With the city budget finished, the Chicago City Council is expected to turn full attention to drawing new ward boundaries, setting up a potentially wild one-month race to complete the task by a Dec. 1 deadline.
History would suggest that aldermen will tinker around the edges, work out their differences and put forward a compromise map that makes as few waves as possible, if only to simplify their own lives.
Some aldermen are predicting that’s exactly what will happen again. Most of them hope so.
But there’s a big complication: how to accommodate a growing Latino community that is seeking greater representation without violating the voting rights of the city’s shrinking African American population, whose leaders say they are determined to keep what they have.
Factor in a Chinatown community that’s pushing for the city’s first majority Asian American ward along with a big influx of new mostly white residents near downtown who have overfilled their existing wards, and you can see why there is considerable uncertainty over whether the council can work out its differences by the deadline.
If not, they’re looking at either a racially sensitive referendum next June between competing map proposals or a court challenge, possibly both.
The council’s Latino Caucus made the first move a week ago, convincing 15 aldermen to endorse a map that would include 16 majority African American wards, 15 majority Latino wards — two more than there are now — 15 majority white wards and four wards in which a mix of minority groups comprise a majority.
Ald. Gilbert Villegas (36th), who chairs the Latino Caucus, called his group’s map a “first attempt to put forward something.”
Villegas also said his caucus will insist on 15 Latino-dominated wards.
“We’re pretty firm,” said Villegas, who thinks Latinos deserved an additional council seat last decade. “We can’t be shortchanged again.”
The Black Caucus that Ald. Jason Ervin (28th) chairs has submitted proposed boundaries that would yield 18 majority African American wards, same as now, and he said doesn’t plan to settle for less.
“We don’t see a reason that can’t be done,” Ervin said.
Unlike the Latino caucus, Ervin said the Black Caucus doesn’t intend to offer its own version of a map for all 50 wards, saying that’s better left to the aldermen who live in those areas.
That leaves unanswered how the Black Caucus proposes to find enough residents to fill its 18 wards without causing major disruptions to other wards’ current boundaries.
The segregated nature of Chicago’s neighborhoods — with Latino communities more often bordering Black communities than white communities do — makes it more complicated.

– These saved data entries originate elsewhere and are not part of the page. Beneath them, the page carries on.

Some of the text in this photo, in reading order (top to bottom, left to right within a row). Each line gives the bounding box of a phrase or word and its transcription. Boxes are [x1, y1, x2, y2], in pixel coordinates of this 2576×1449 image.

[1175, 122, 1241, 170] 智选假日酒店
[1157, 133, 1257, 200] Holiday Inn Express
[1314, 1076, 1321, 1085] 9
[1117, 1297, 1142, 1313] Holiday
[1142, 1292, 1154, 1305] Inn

Ervin said the Black Caucus proposal displaces no current aldermen and wouldn’t adopt the extreme step suggested by an independent redistricting group to split the 19th Ward and use the mostly white residents of Beverly and Mount Greenwood to fill out two African American wards.

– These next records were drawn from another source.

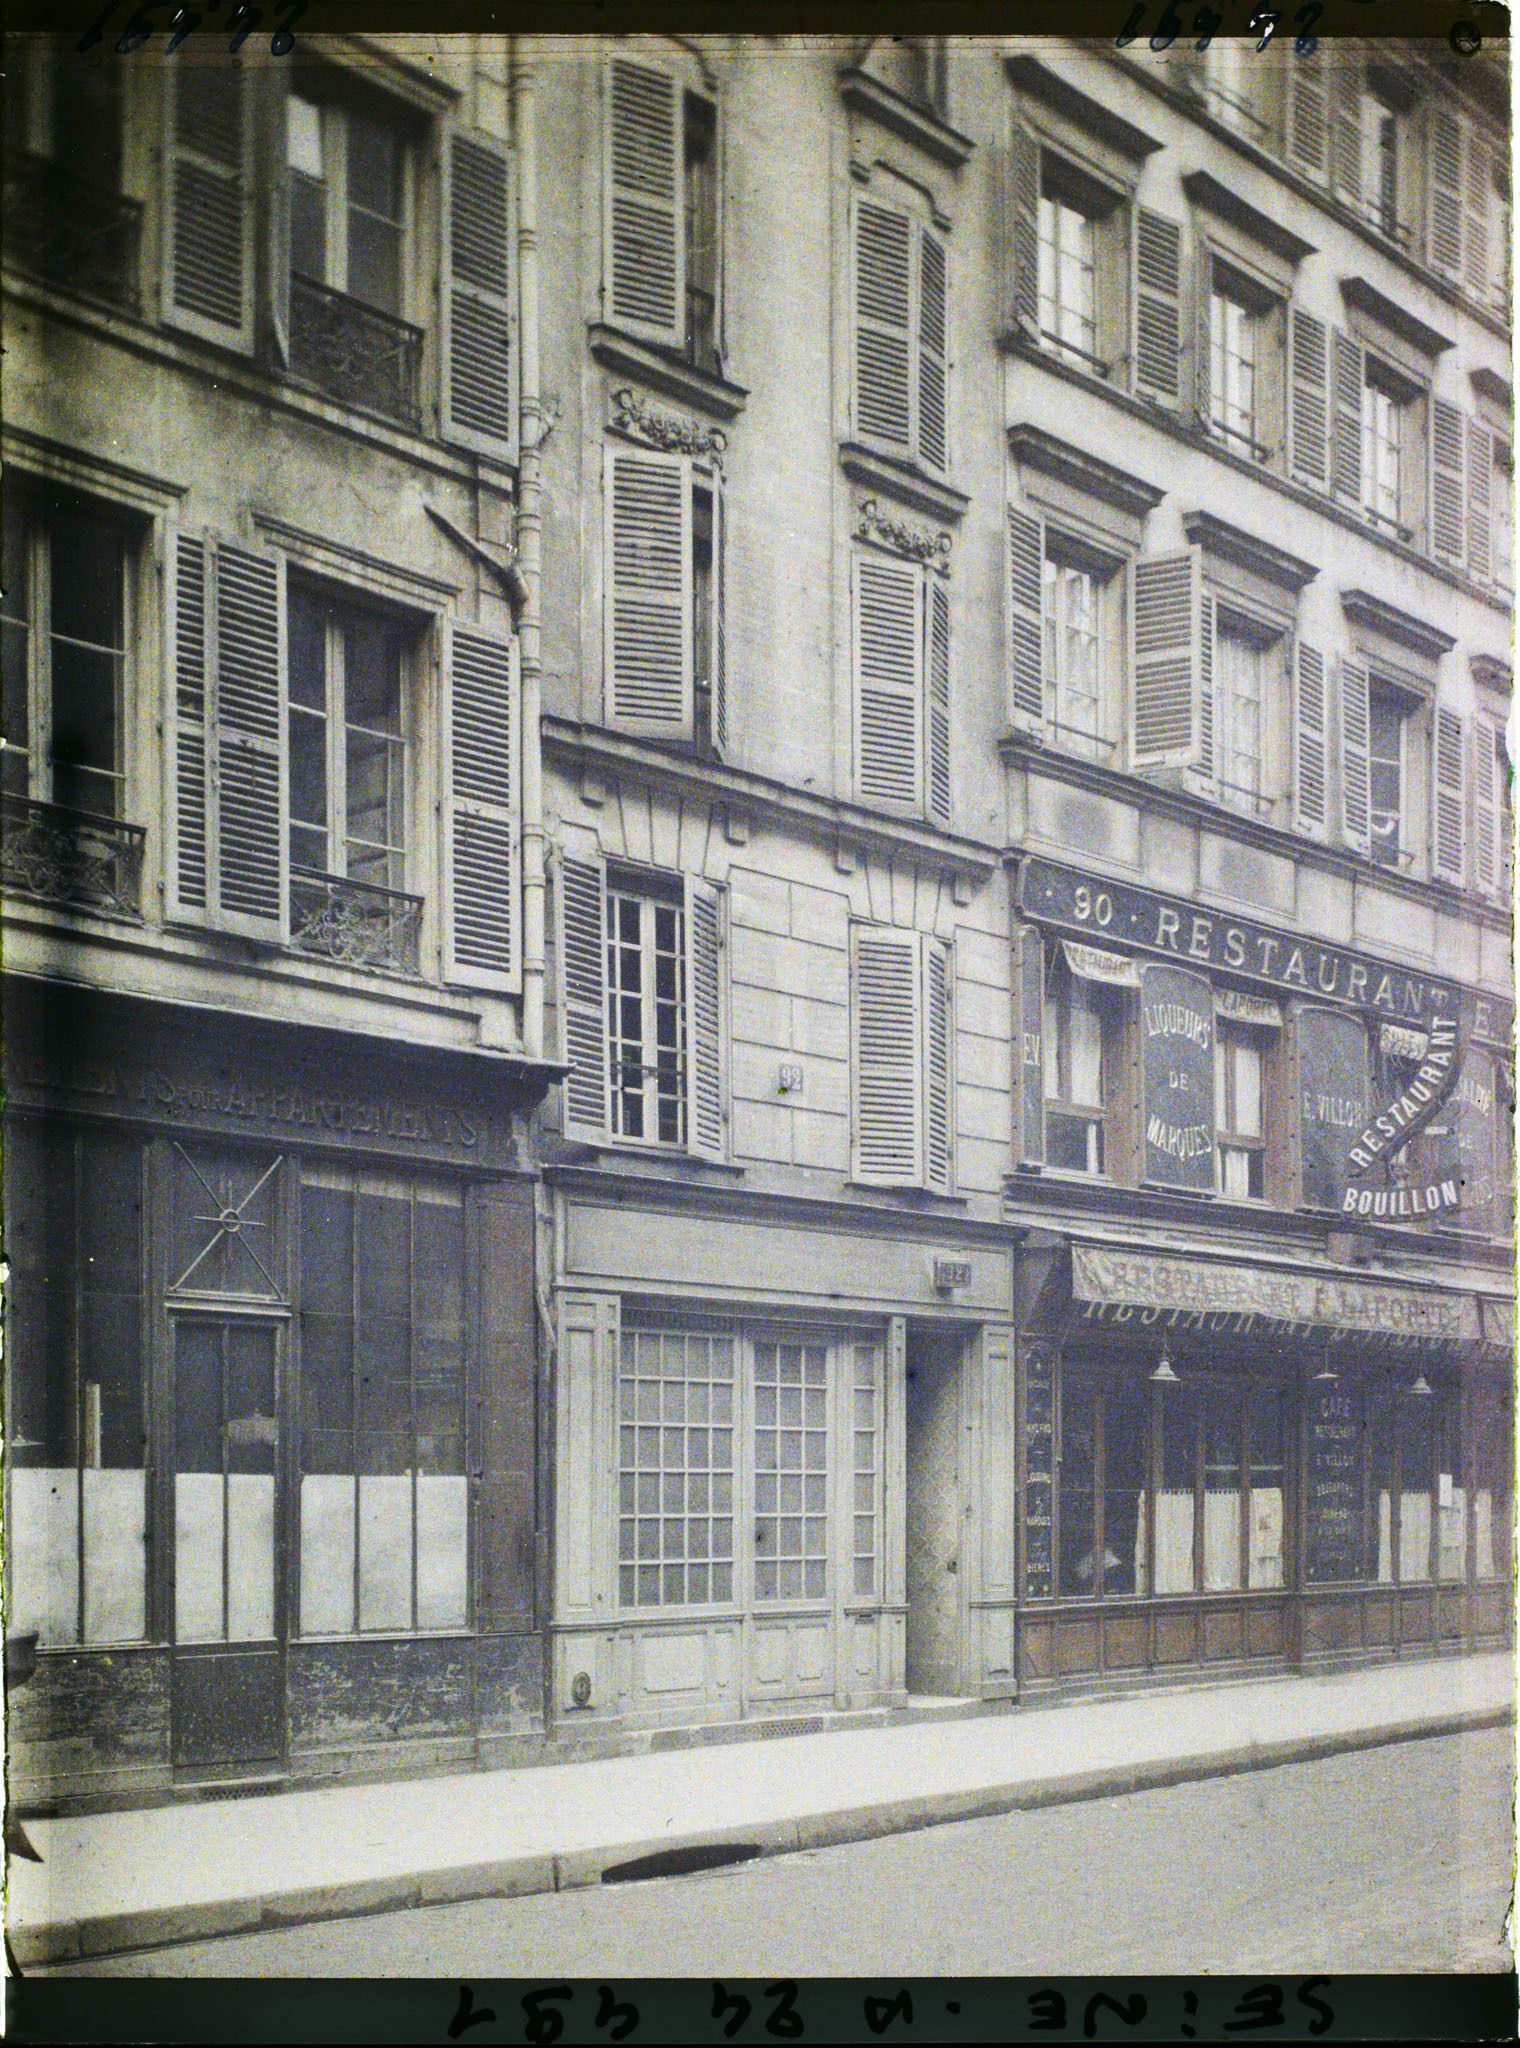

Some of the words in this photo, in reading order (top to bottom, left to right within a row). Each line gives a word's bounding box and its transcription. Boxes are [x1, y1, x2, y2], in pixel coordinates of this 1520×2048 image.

[1073, 886, 1113, 926] 90
[1155, 908, 1449, 1014] RESTAURANT
[1145, 1006, 1213, 1050] LIQUEURS
[1169, 1070, 1189, 1090] DE
[1348, 1016, 1457, 1169] RESTAURANT
[1147, 1113, 1213, 1158] MARQUES
[1342, 1180, 1459, 1217] BOUILLON
[447, 1984, 640, 2044] 491
[711, 1979, 804, 2039] 24

Burt Odelson, an attorney for the Latino Caucus, argued that 2020 census data showing African Americans with 29% of the city’s population, down 85,000 from a decade ago, no longer justifies 18 Black wards.
“They’ve lost population, which means they lose wards,” Odelson said.

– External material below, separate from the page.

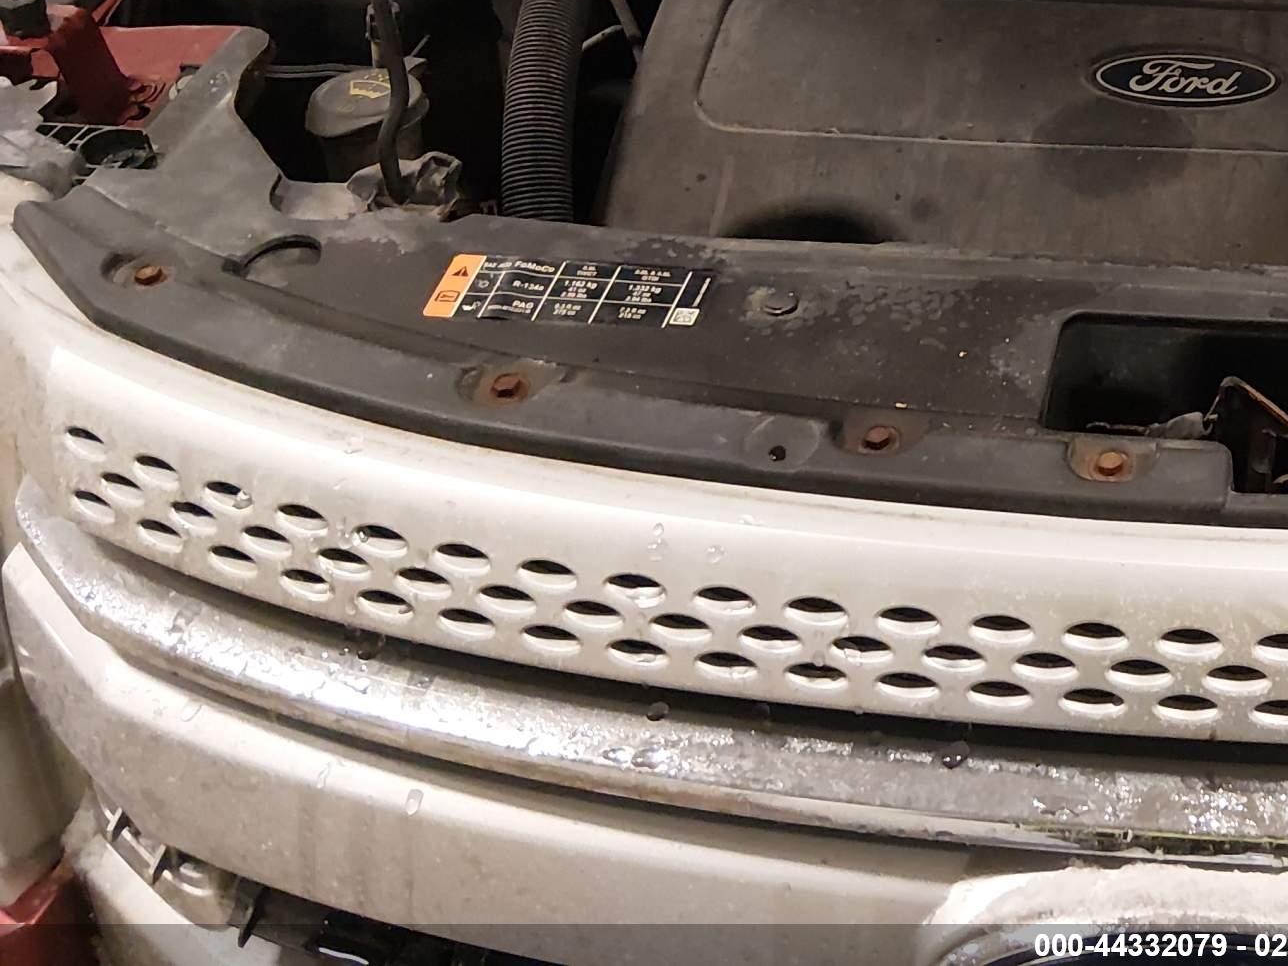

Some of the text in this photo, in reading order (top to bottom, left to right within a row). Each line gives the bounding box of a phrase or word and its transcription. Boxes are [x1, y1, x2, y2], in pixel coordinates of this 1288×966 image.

Ervin said the Latino Caucus’ argument for a “proportional” split among Blacks, Latinos and whites would violate the federal Voting Rights Act.
He said he expects the council’s rules committee, chaired by Ald. Michelle Harris (8th), to present a joint map proposal in the next seven to 10 days.
It takes 26 votes to pass a map. But 34 are needed to override a mayoral veto.
If any proposal gets 41 votes, there could be no referendum. Anything short of that would mean any 10 aldermen who hadn’t supported the winning proposal could put their own map up in a referendum.
It’s not clear how the courts would view a situation in which the interests of one protected class under the Voting Rights Act, African Americans, conflict with another, Latinos.
“Hopefully, we don’t get to that point,” Villegas said.